> _INPUT DATA_:
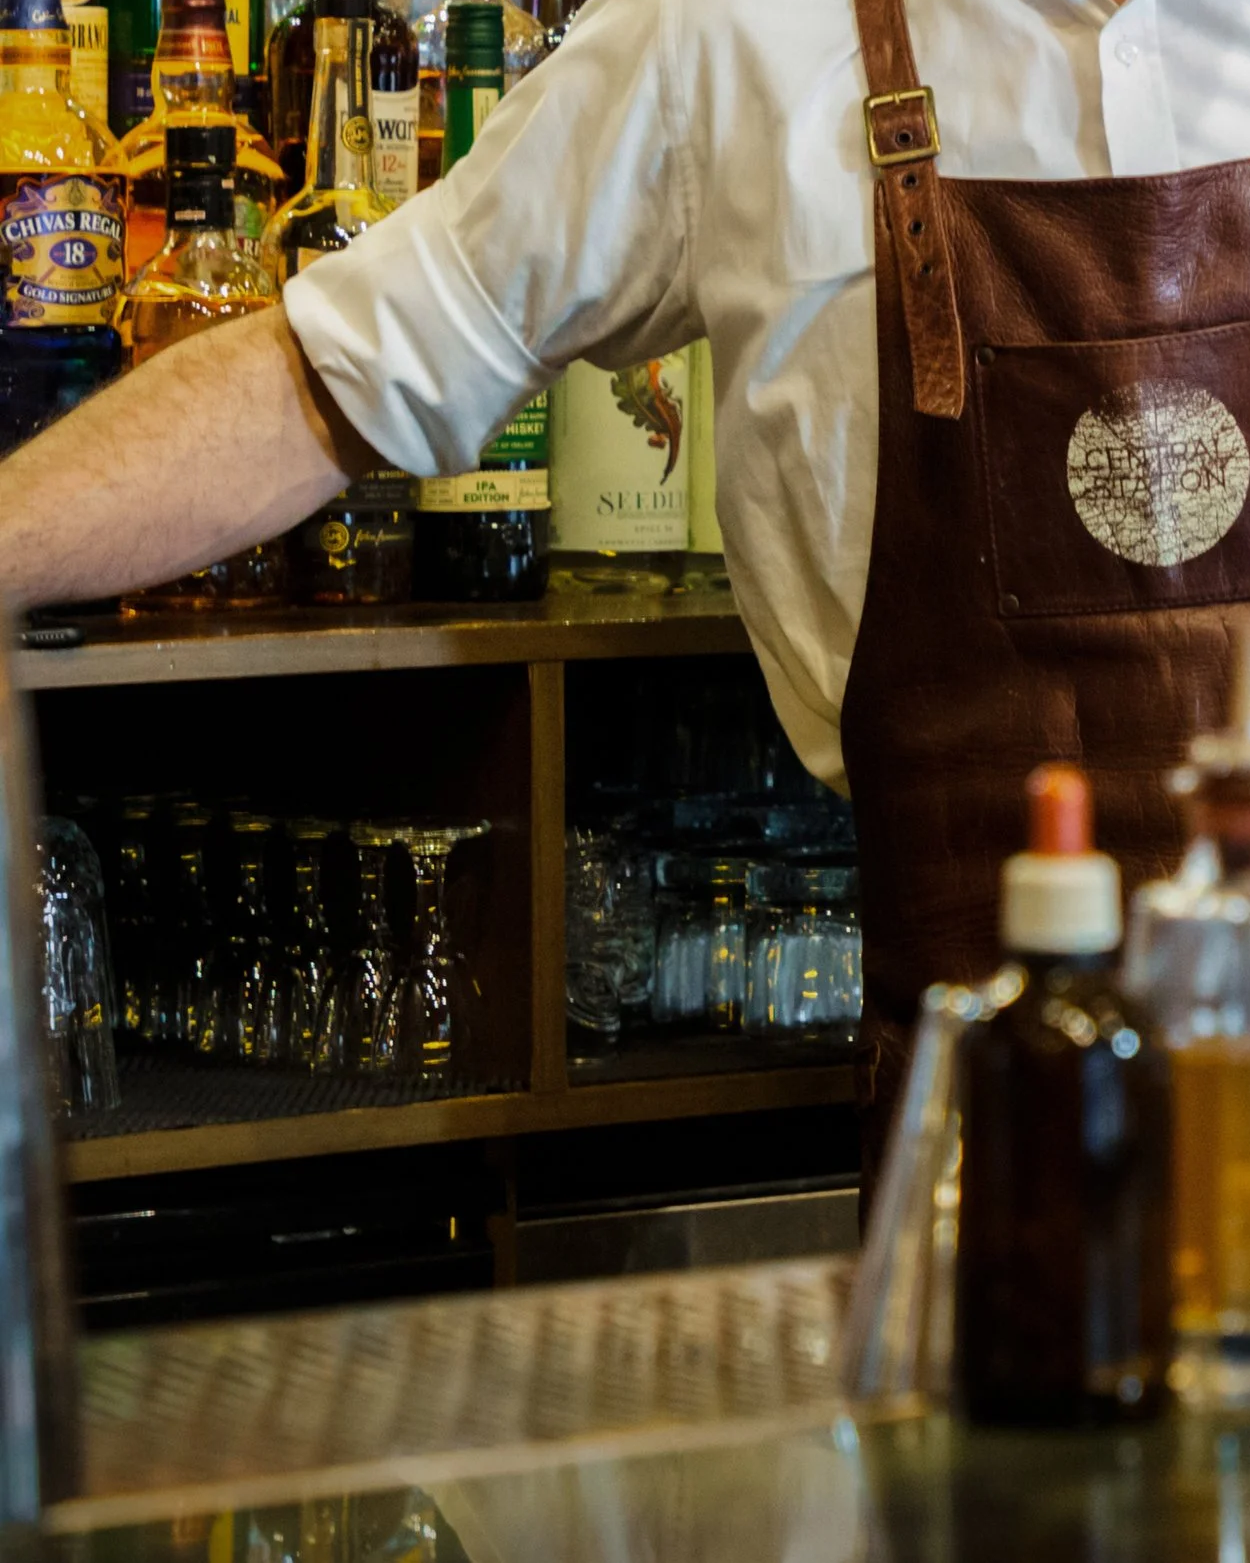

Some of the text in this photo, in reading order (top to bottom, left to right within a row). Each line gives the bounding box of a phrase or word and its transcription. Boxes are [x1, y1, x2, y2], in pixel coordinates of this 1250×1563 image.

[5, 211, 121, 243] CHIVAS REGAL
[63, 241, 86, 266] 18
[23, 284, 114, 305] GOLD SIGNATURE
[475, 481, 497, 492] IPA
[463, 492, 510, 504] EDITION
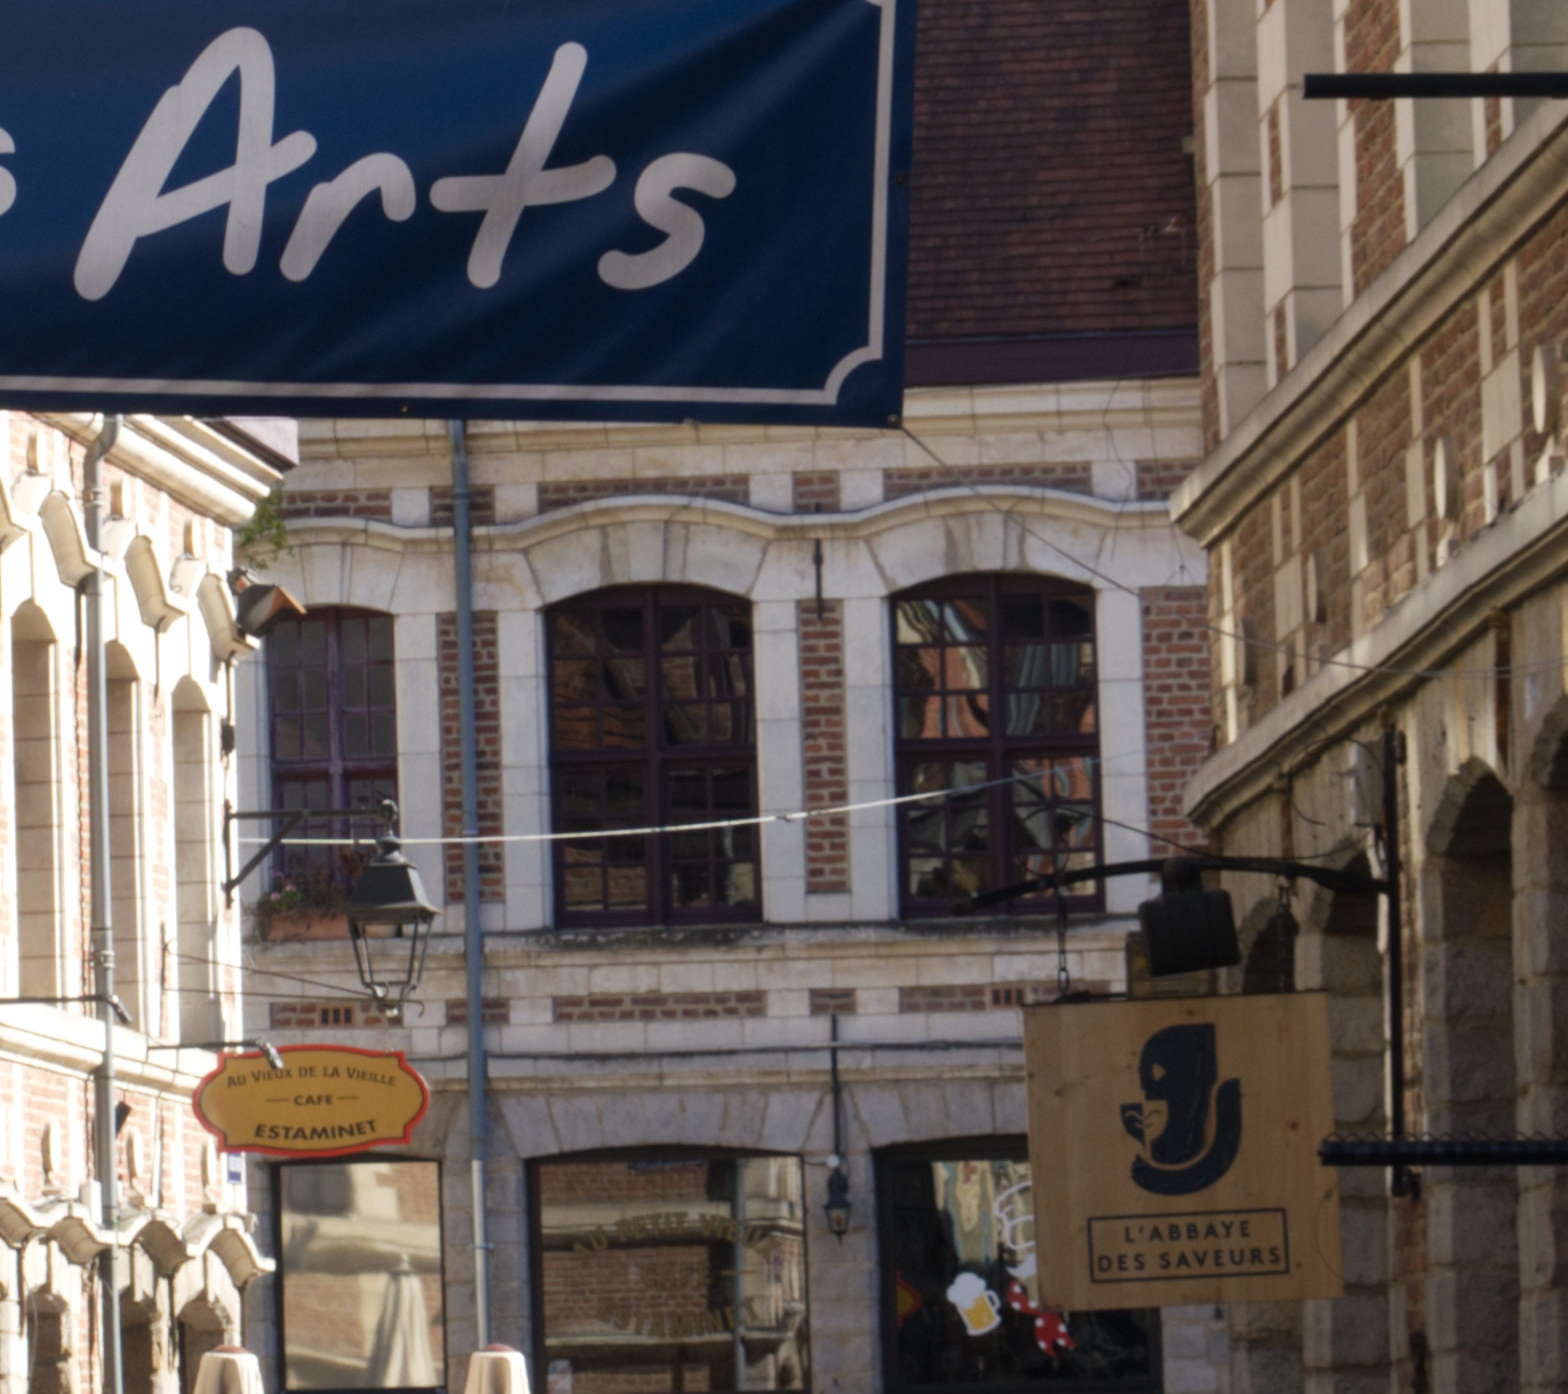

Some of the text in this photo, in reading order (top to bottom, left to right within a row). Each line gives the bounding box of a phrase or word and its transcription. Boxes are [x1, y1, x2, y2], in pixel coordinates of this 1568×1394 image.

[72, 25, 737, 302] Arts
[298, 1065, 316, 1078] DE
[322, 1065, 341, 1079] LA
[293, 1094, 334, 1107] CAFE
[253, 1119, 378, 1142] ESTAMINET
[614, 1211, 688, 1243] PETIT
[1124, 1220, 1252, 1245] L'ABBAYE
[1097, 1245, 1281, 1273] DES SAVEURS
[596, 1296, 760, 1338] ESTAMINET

> _WORK INSTRUCTION_: Make an exact copy of the whole listing, but don't bring over any pictures.

> _YOUR RESPONSE_:
Some of the text in this photo, in reading order (top to bottom, left to right within a row). Each line gives the bounding box of a phrase or word and its transcription. Boxes are [x1, y1, x2, y2], in pixel coordinates of this 1250×1563 image.

[5, 211, 121, 243] CHIVAS REGAL
[63, 241, 86, 266] 18
[23, 284, 114, 305] GOLD SIGNATURE
[475, 481, 497, 492] IPA
[463, 492, 510, 504] EDITION

Some of the text in this photo, in reading order (top to bottom, left to right within a row). Each line gives the bounding box of a phrase or word and its transcription. Boxes are [x1, y1, x2, y2], in pixel coordinates of this 1568×1394 image.

[72, 25, 737, 302] Arts
[298, 1065, 316, 1078] DE
[322, 1065, 341, 1079] LA
[293, 1094, 334, 1107] CAFE
[253, 1119, 378, 1142] ESTAMINET
[614, 1211, 688, 1243] PETIT
[1124, 1220, 1252, 1245] L'ABBAYE
[1097, 1245, 1281, 1273] DES SAVEURS
[596, 1296, 760, 1338] ESTAMINET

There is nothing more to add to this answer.